Yes, as you're quite right about the release cycle, as SB was released less than a year ago. It's still true though that if Bulldozer had been any competition, then we would have seen _some_ single threaded improvement and that's what I mean by resting on their laurels. But you're right, it's too small a time frame to see any architectural improvement other than small refinements, so I take the resting on laurels bit back. 

By the looks of it, they've basically improved memory bandwidth to handle the extra cores. So, are we going to actually see an 8 core SB-E CPU next year then?



n-ster said:


> Except coded badly is indeed part of it. Theoretically, if a game was perfectly multi-threaded, you would see 50% improvement on the 6 core/12thread, and the i7 2600K would be significantly better than the i5 2500K



Yes you would see that scaling, but as I've explained above, I'd hoped single threaded performance would have been improved, which would speed up _everything_. Obviously, my expectations were unrealistic though.


----------



## nt300 (Nov 14, 2011)

So the question is will AMD make Piledriver more competative now that SB-E is not what we all thought it would be?

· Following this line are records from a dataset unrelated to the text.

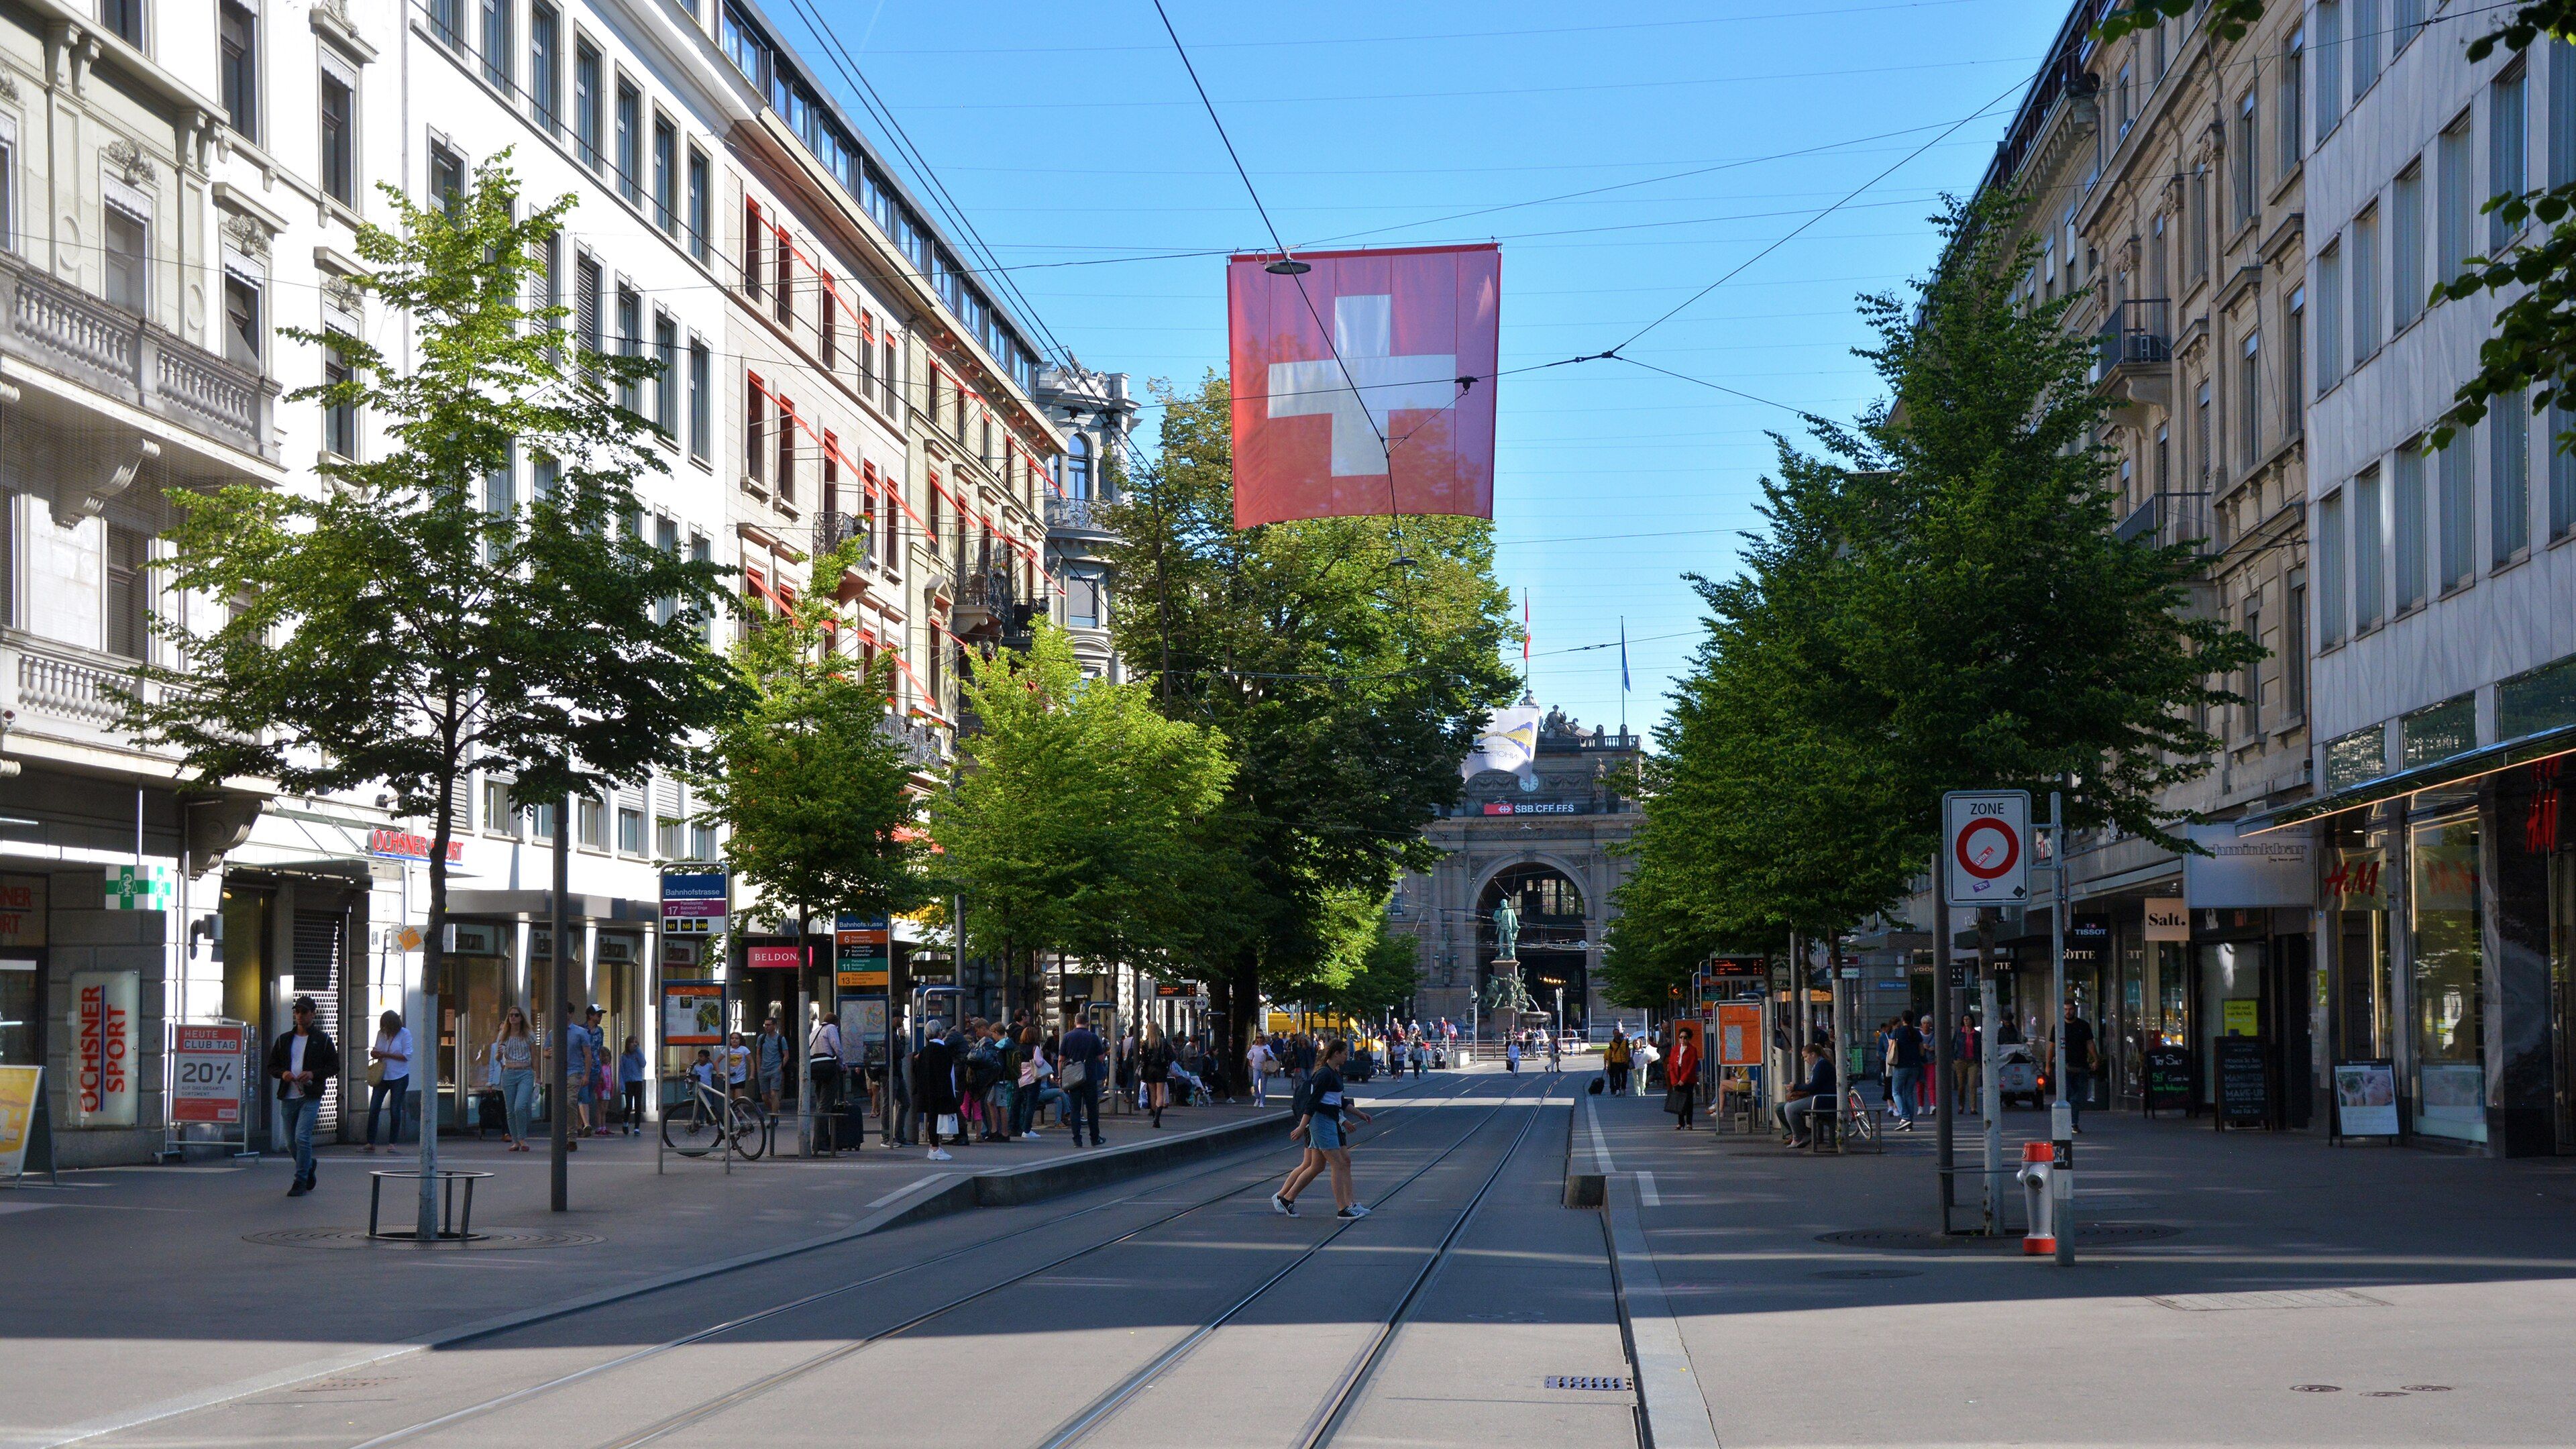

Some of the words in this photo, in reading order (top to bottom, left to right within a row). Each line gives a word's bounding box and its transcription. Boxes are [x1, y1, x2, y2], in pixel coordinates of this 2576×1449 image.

[1515, 804, 1534, 813] SBB
[1536, 804, 1554, 812] CFF
[1556, 804, 1574, 812] FFS
[1970, 803, 2004, 815] ZONE
[372, 828, 427, 855] OCHSNER
[430, 838, 464, 861] SORT
[2194, 843, 2306, 855] chminkbar
[2323, 861, 2380, 897] H&M
[667, 906, 678, 915] 17
[2148, 912, 2186, 926] Salt.
[844, 935, 850, 943] 6
[755, 953, 801, 961] BELDON
[845, 949, 850, 957] 7
[184, 1030, 219, 1038] HEUTE
[79, 985, 101, 1114] OCHSNER
[106, 1004, 126, 1093] SPORT
[184, 1040, 212, 1049] CLUB
[217, 1041, 235, 1049] TAG
[182, 1062, 232, 1085] 20%
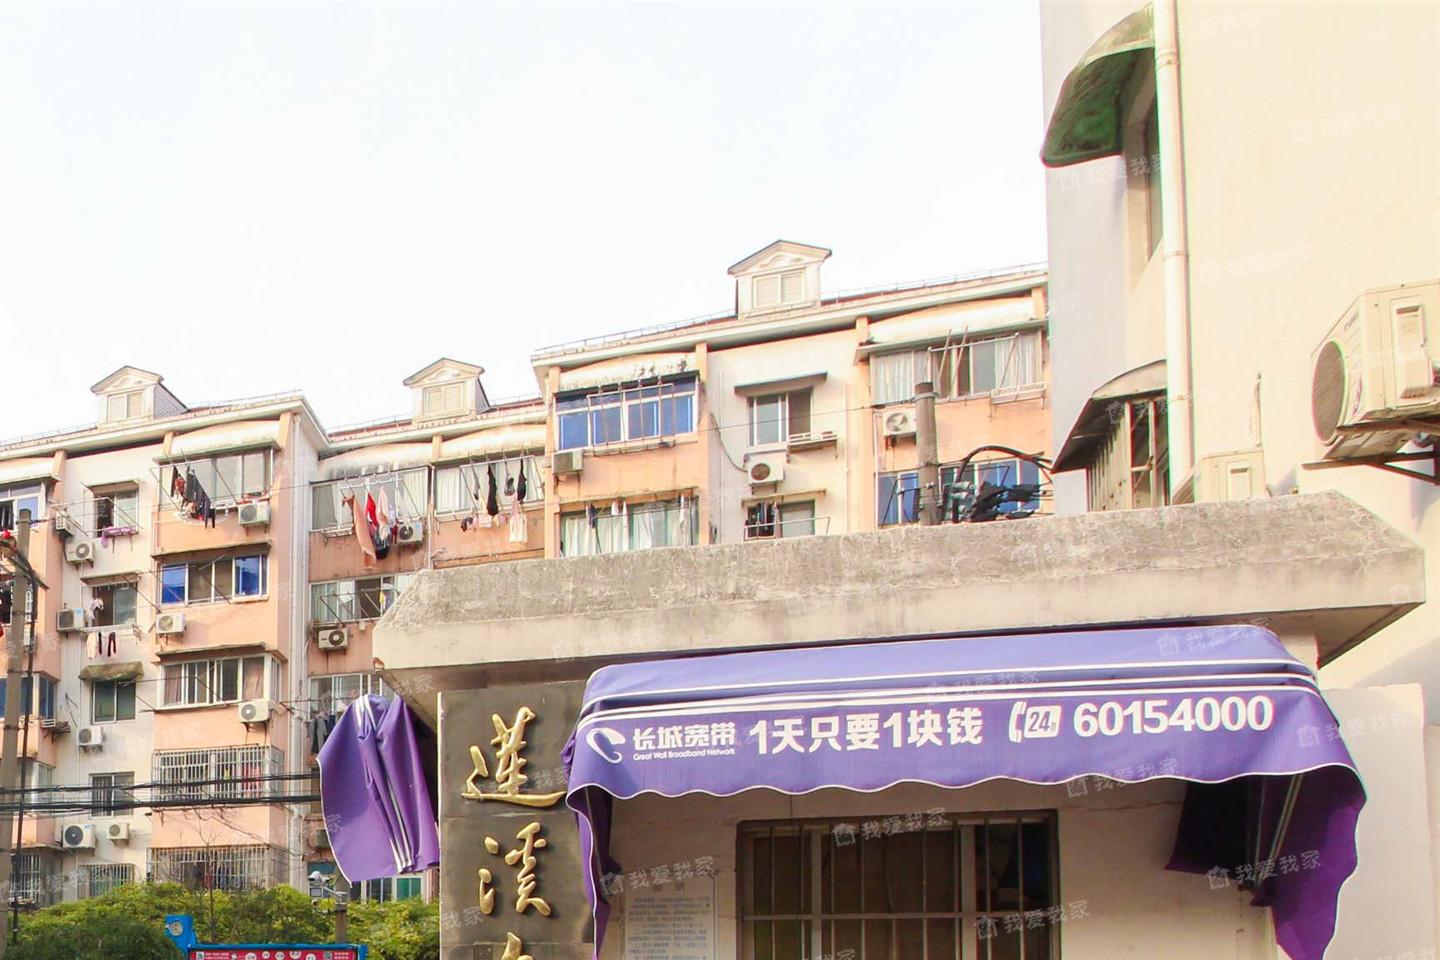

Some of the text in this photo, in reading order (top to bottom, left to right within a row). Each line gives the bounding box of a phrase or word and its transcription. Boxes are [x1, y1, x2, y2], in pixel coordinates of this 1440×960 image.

[749, 707, 984, 755] 1天只要1块钱
[1073, 695, 1274, 737] 60154000
[633, 722, 736, 750] 长城宽带
[633, 751, 652, 761] Great
[653, 750, 667, 760] Wall
[668, 749, 706, 759] Broadband
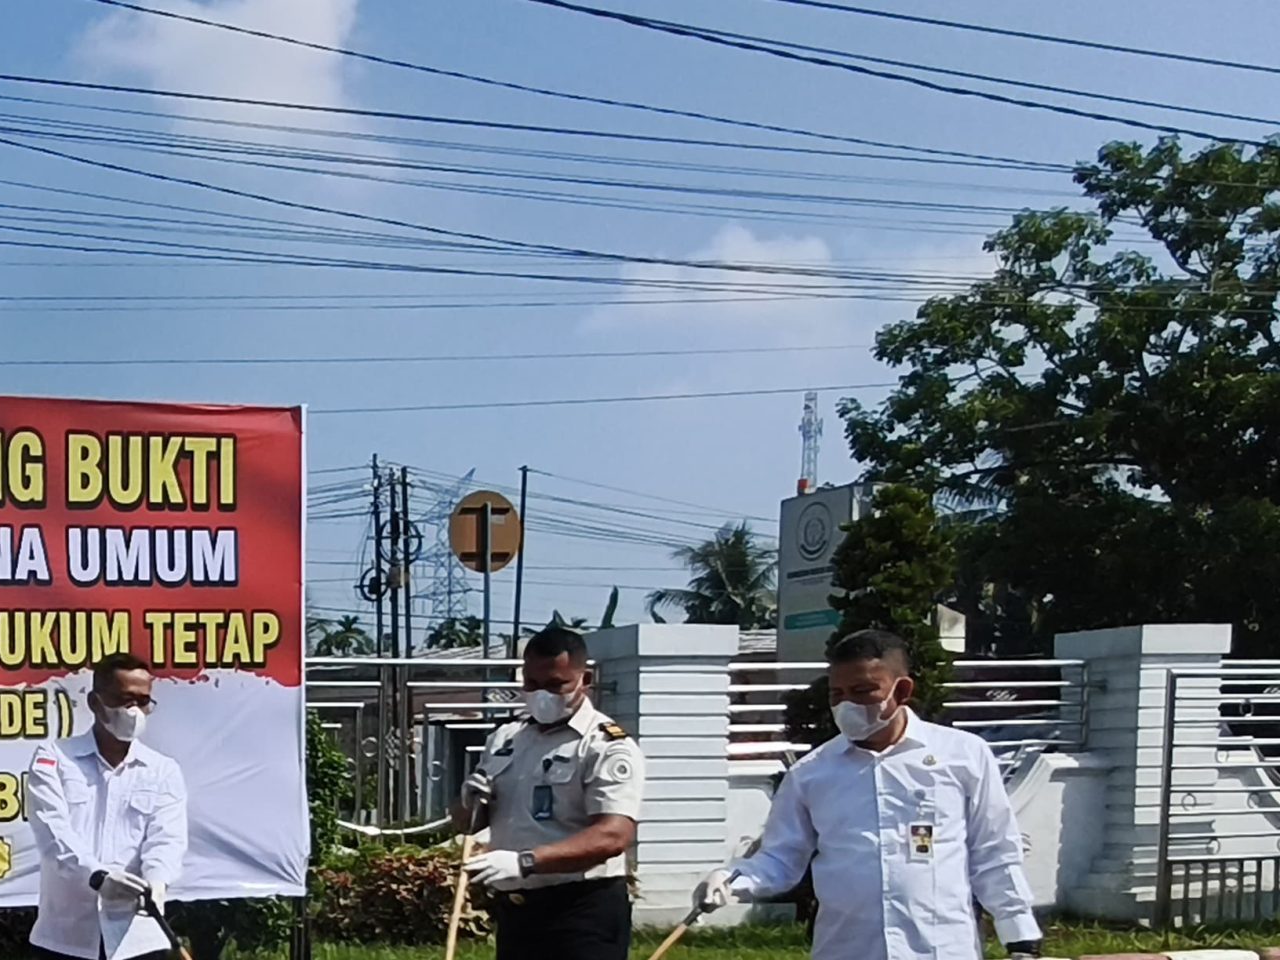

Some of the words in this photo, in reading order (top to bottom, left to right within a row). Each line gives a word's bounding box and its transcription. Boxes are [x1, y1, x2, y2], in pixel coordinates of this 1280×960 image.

[67, 432, 236, 507] BUKTI
[67, 526, 237, 584] UMUM
[144, 611, 280, 665] TETAP
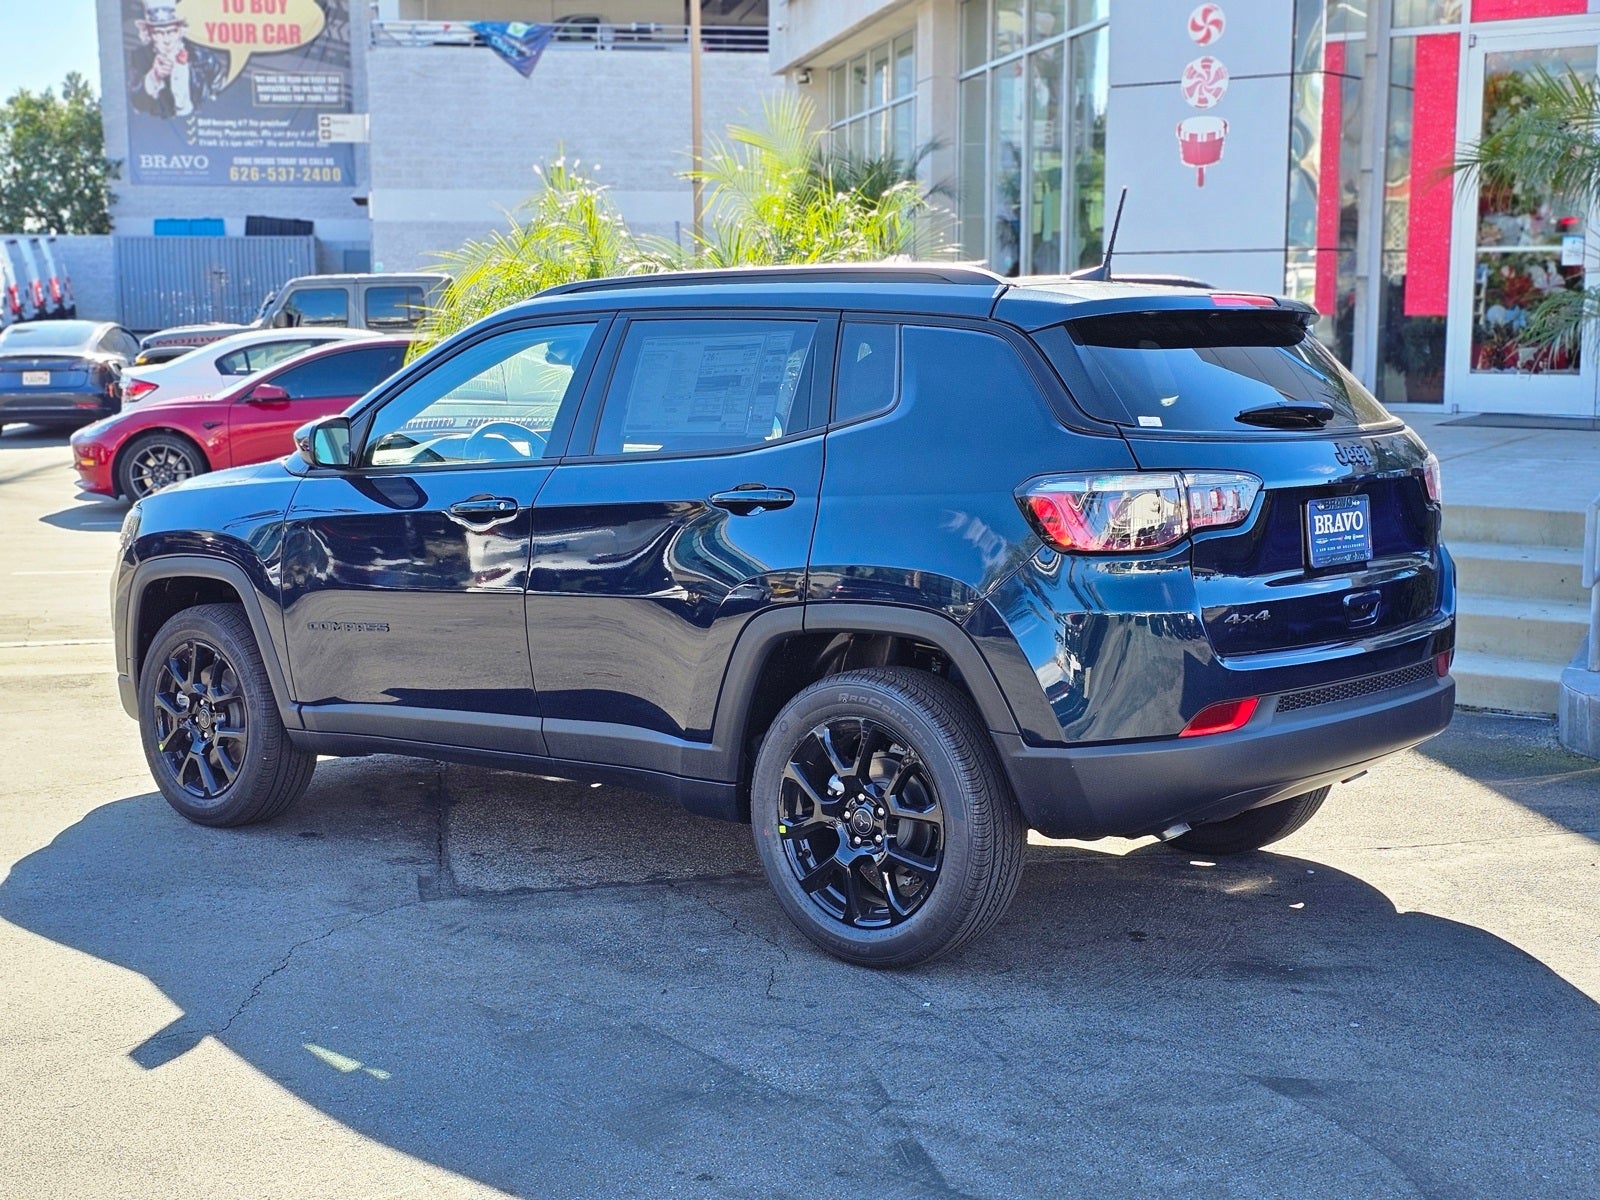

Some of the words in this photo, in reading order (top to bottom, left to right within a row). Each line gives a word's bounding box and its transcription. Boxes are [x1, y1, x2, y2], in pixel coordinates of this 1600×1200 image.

[221, 0, 245, 14] TO
[250, 0, 289, 15] BUY
[205, 21, 258, 44] YOUR
[262, 23, 302, 45] CAR
[139, 154, 209, 170] BRAVO
[229, 166, 342, 182] 626-537-2400
[1334, 442, 1373, 467] Jeep
[1314, 510, 1364, 535] BRAVO
[307, 621, 390, 633] COMPASS

What does AMD need to do to better compete? FIX Branch Prediction, Pipeline Flushing, Cache Trashing, increase the Decode unit's width, resolve this scheduling issue? Can a B3 stepping fix this? AMD has a chance to compete now.


----------



## n-ster (Nov 14, 2011)

nt300 said:


> So the question is will AMD make Piledriver more competative now that *SB-E is not what we all thought it would be*?
> 
> What does AMD need to do to better compete? FIX Branch Prediction, Pipeline Flushing, Cache Trashing, increase the Decode unit's width, resolve this scheduling issue? Can a B3 stepping fix this? AMD has a chance to compete now.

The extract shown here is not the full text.